Size characteristic control of topology optimization
In the process of incremental manufacturing, for large cantilever structures, it is often necessary to add support structures below them to prevent structural collapse in manufacturing engineering, as shown. The use of supporting structure will not only bring about the increase of printing time and cost, but also bring about the difficulty of process and influence the final surface precision of structure at the later stage. Therefore, the design of self support structure, in the optimization process, automatic identification of feature structure, avoid large cantilever structure, has become the focus of research.
Some scholars have made a preliminary exploration in this direction, however, the existing models are based on theoretical assumptions, structural collapse limit and material properties, overhanging angle and cantilever length, not by a lot of experiments obtained.
In recent years, although the technology of material gain has been developed rapidly, as a whole, the manufacturing process is still in the initial stage of technology, not yet mature. Due to process limitations, there are many defects in structural parts, such as material anisotropy, surface roughness, and uncertainty of material properties. In view of this problem, some scholars take the manufacturing defects into account in the topology optimization model,
Sketch of large cantilever structure and supporting structure
To reduce the effect of defects on structural properties. However, most of the defect models used in the calculation process are theoretical models, which do not agree with the uncertainty models caused by the incremental manufacturing process. Therefore, it is the future research target to establish the true defect model and introduce it into the topology optimization process based on the experimental study of the material forming mechanism of the material manufacturing.
The supporting structure can not be removed inside the enclosed structure
Design structure with consideration of different connectivity constraints
Increase in material manufacturing process, whether using fused deposition modeling (FDM) or selective laser sintering powder technology (SLS), all need to remove the support material in the structure after printing or metal powder does not melt, thus requires not internal structure with internal hole closed.
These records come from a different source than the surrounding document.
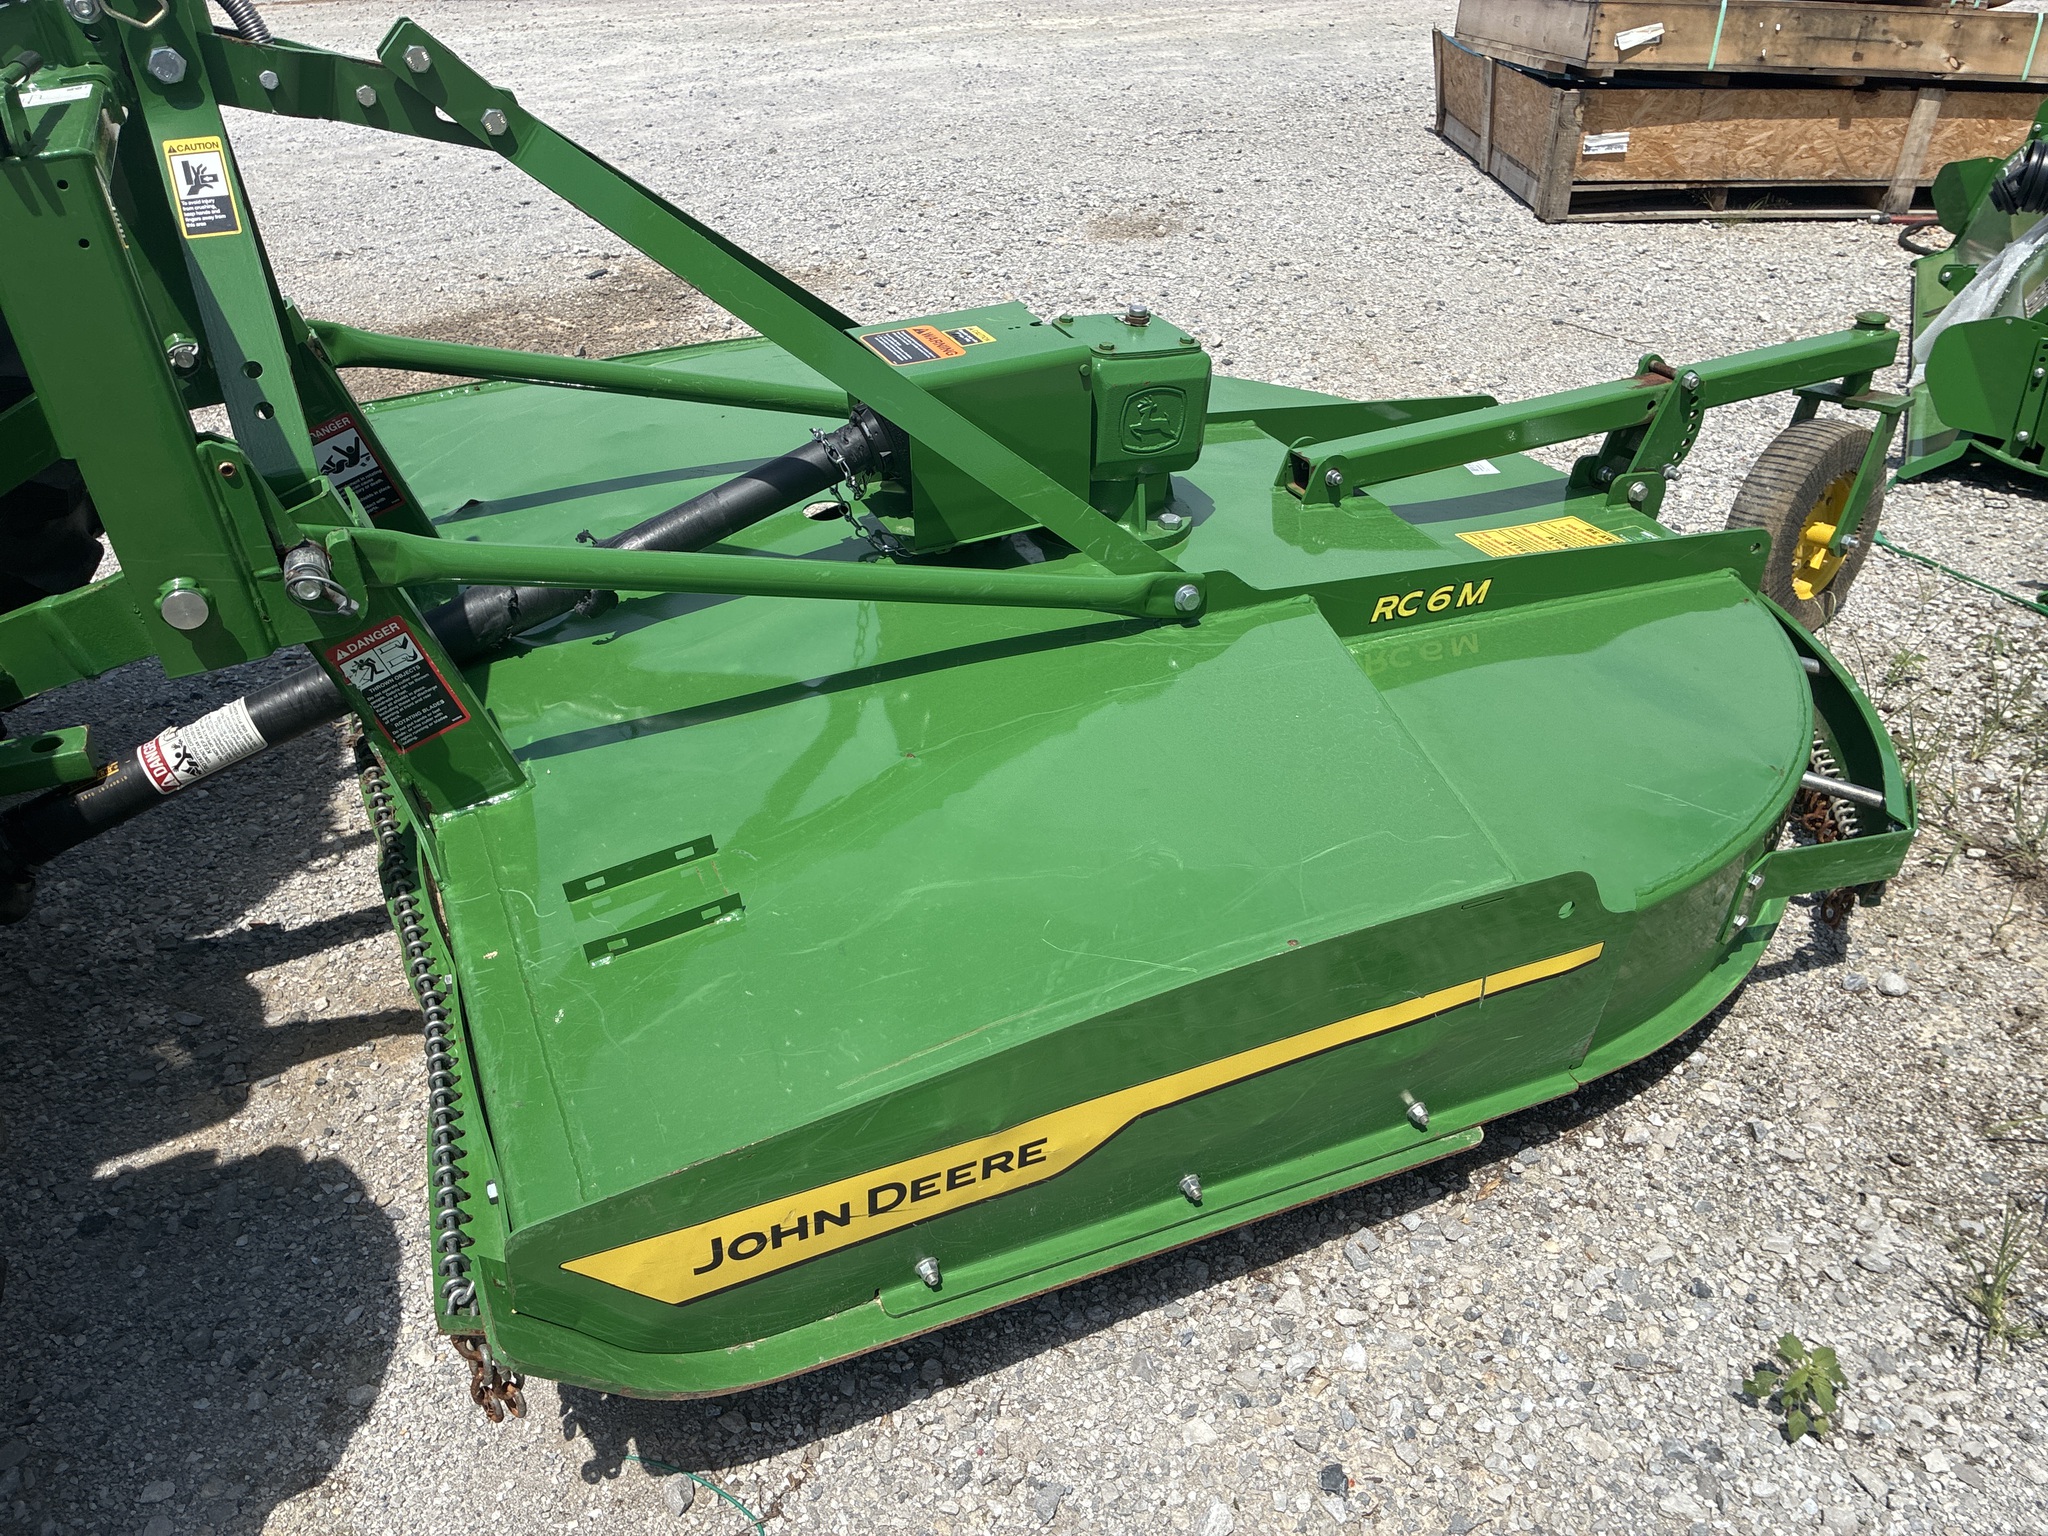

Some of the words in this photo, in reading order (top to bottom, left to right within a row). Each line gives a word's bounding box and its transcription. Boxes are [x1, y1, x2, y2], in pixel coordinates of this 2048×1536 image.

[177, 141, 219, 152] CAUTION
[922, 330, 958, 356] WARNING
[1506, 541, 1526, 552] ATTE
[1546, 536, 1570, 548] ATEN
[346, 622, 400, 654] DANGER
[368, 676, 395, 693] THROWN
[393, 663, 421, 681] OBJECTS
[393, 709, 422, 728] ROTATING
[421, 698, 445, 714] BLADES
[141, 739, 168, 777] DANGE
[693, 1201, 850, 1276] JOHN
[868, 1137, 1048, 1217] DEERE
The structure containing internal hole, because the metal powder can not be removed or support material does not melt, often need two amendment or partition structure manufacturing, greatly increasing the difficulty of manufacture process, increase the cost of.
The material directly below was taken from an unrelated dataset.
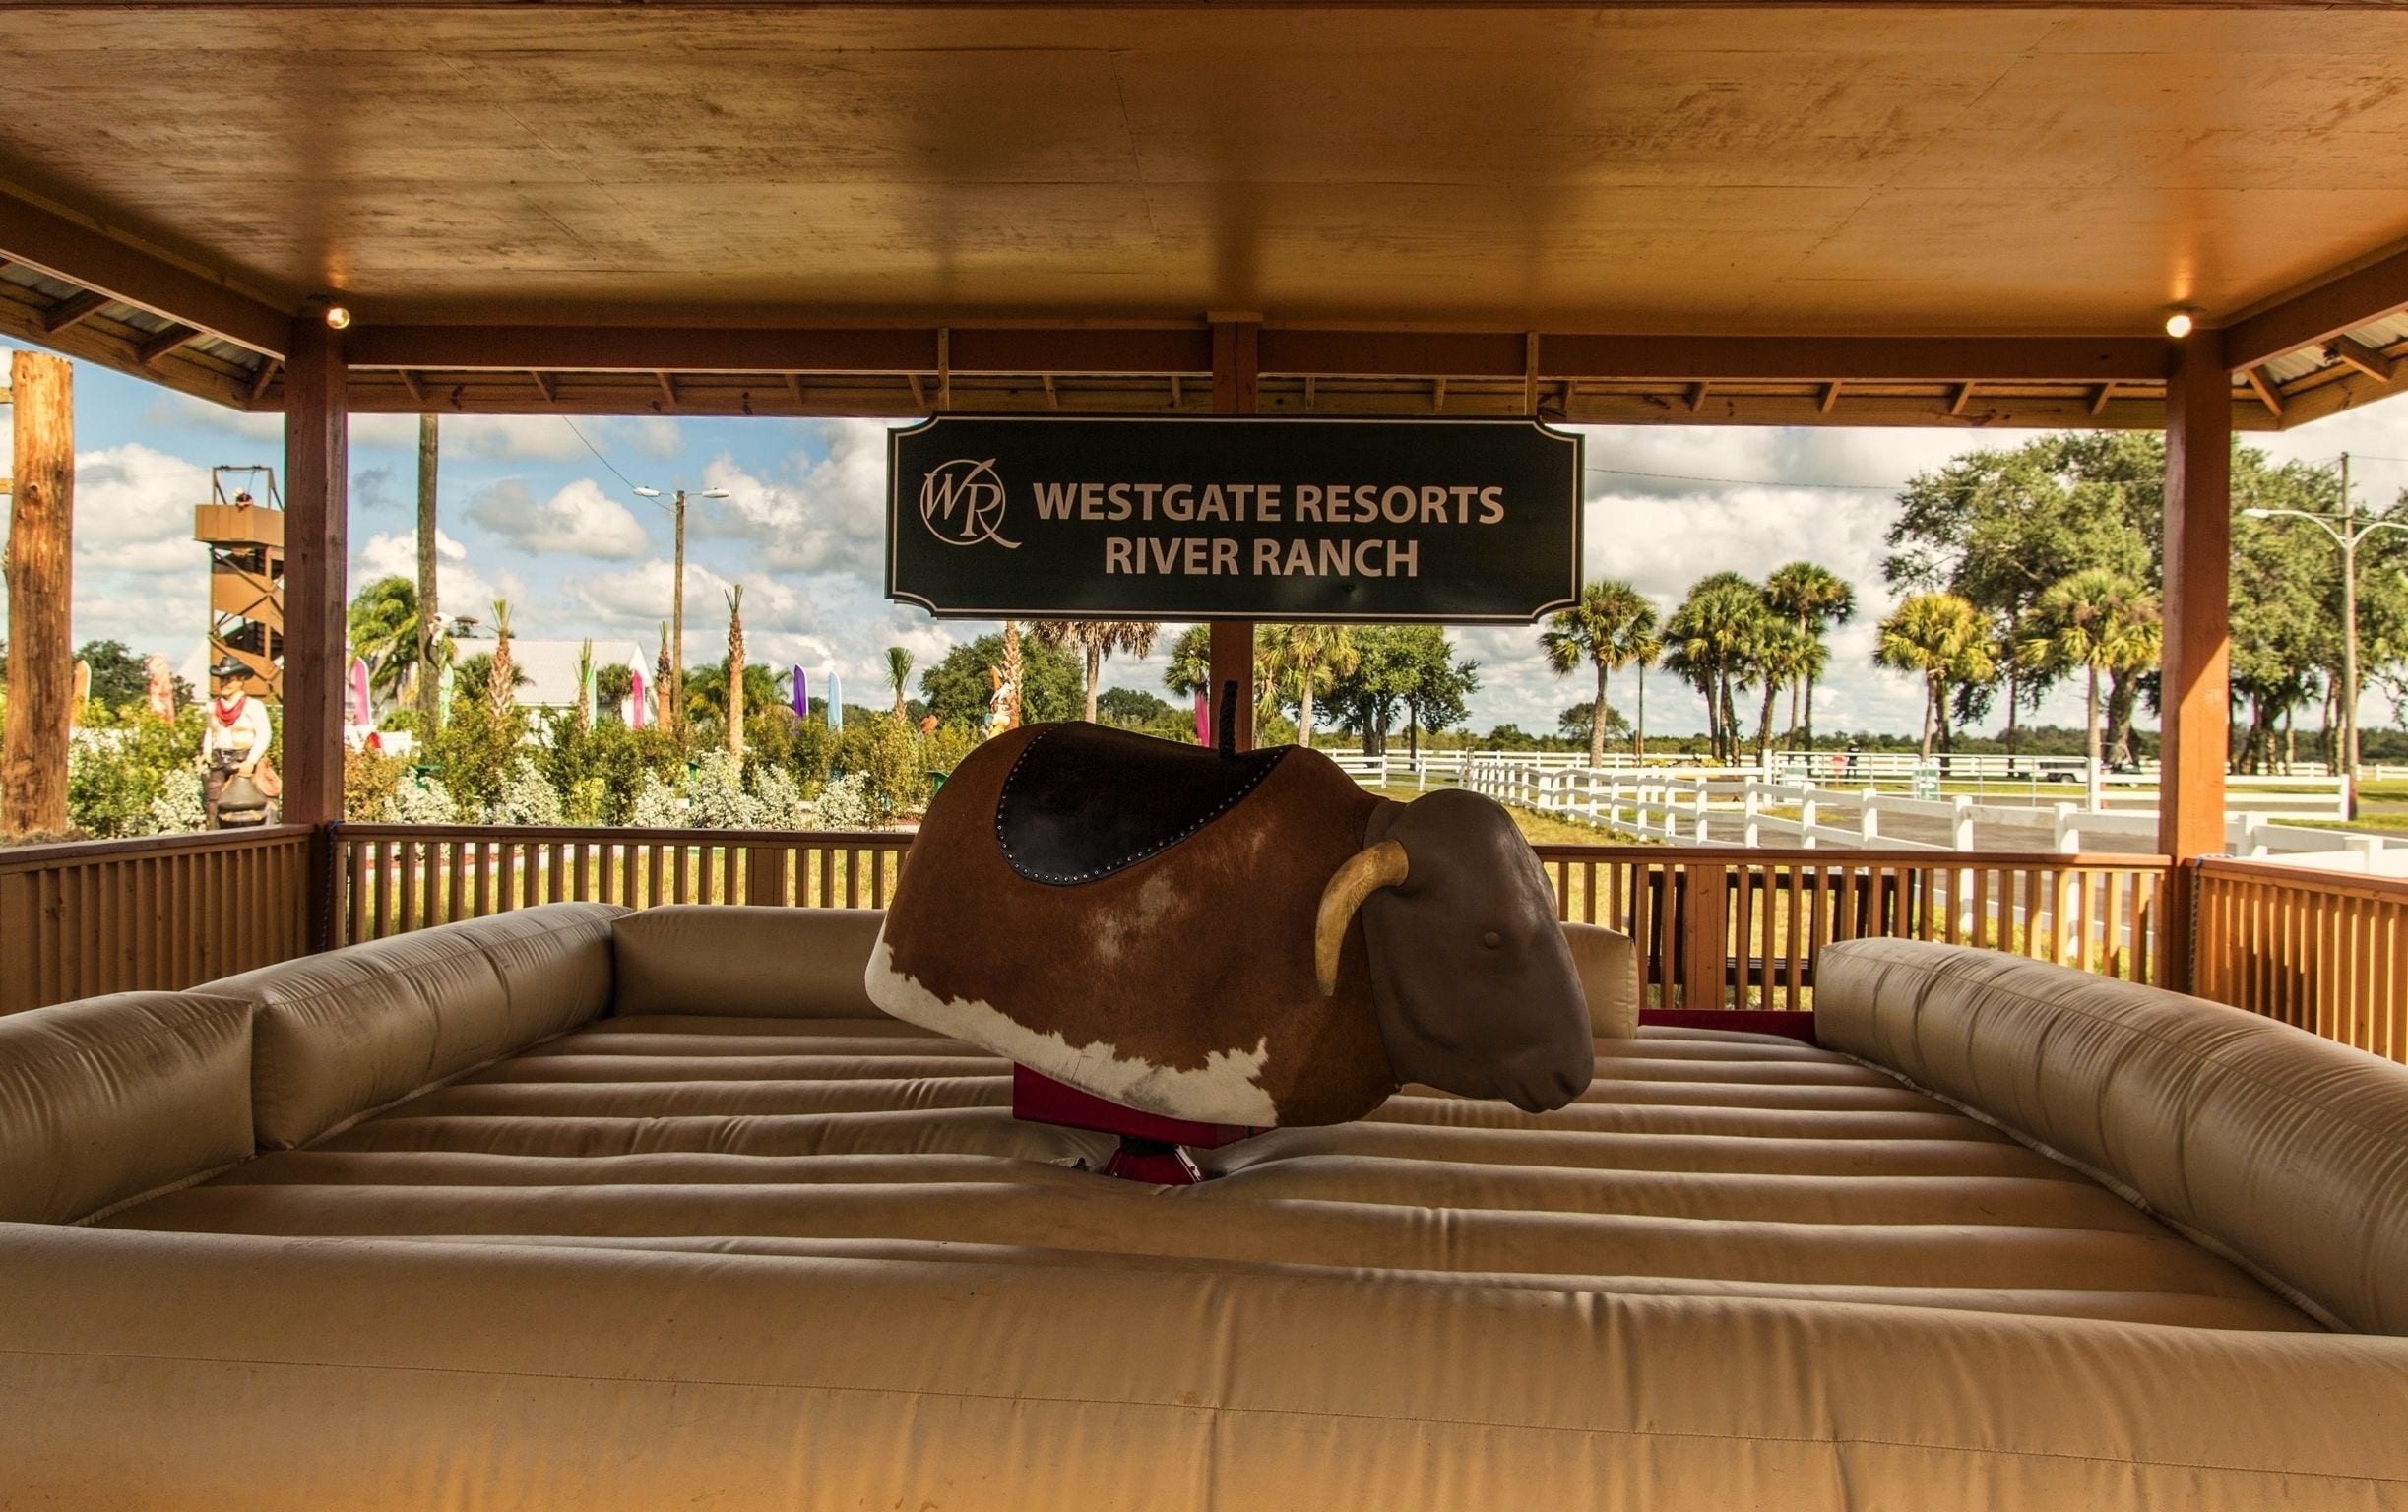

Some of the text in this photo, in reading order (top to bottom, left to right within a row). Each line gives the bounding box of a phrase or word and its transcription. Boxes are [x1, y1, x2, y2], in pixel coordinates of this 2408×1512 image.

[1033, 482, 1505, 525] WESTGATE RESORTS
[1106, 536, 1418, 578] RIVER RANCH
With the rapid development of increase in material manufacturing process, for increasing innovation design theory and method of material manufacturing, with manufacturing (Design for manufacturing) quality configuration (configuration design quality), has become a new topic faced by today's designers and researchers. Topology optimization technology after decades of development, has been in the high quality design configuration (structural material, multilayer structure, material structure and multifunctional structure) to carry out extensive research, can make full use of additional material manufacturing technology innovation design release great space. How will the topology optimization (advanced design tools) and additional material manufacturing technology (advanced tool preparation) combined with the rapid promotion of architecture innovation ability, will become a hot point in the next 10 years of research.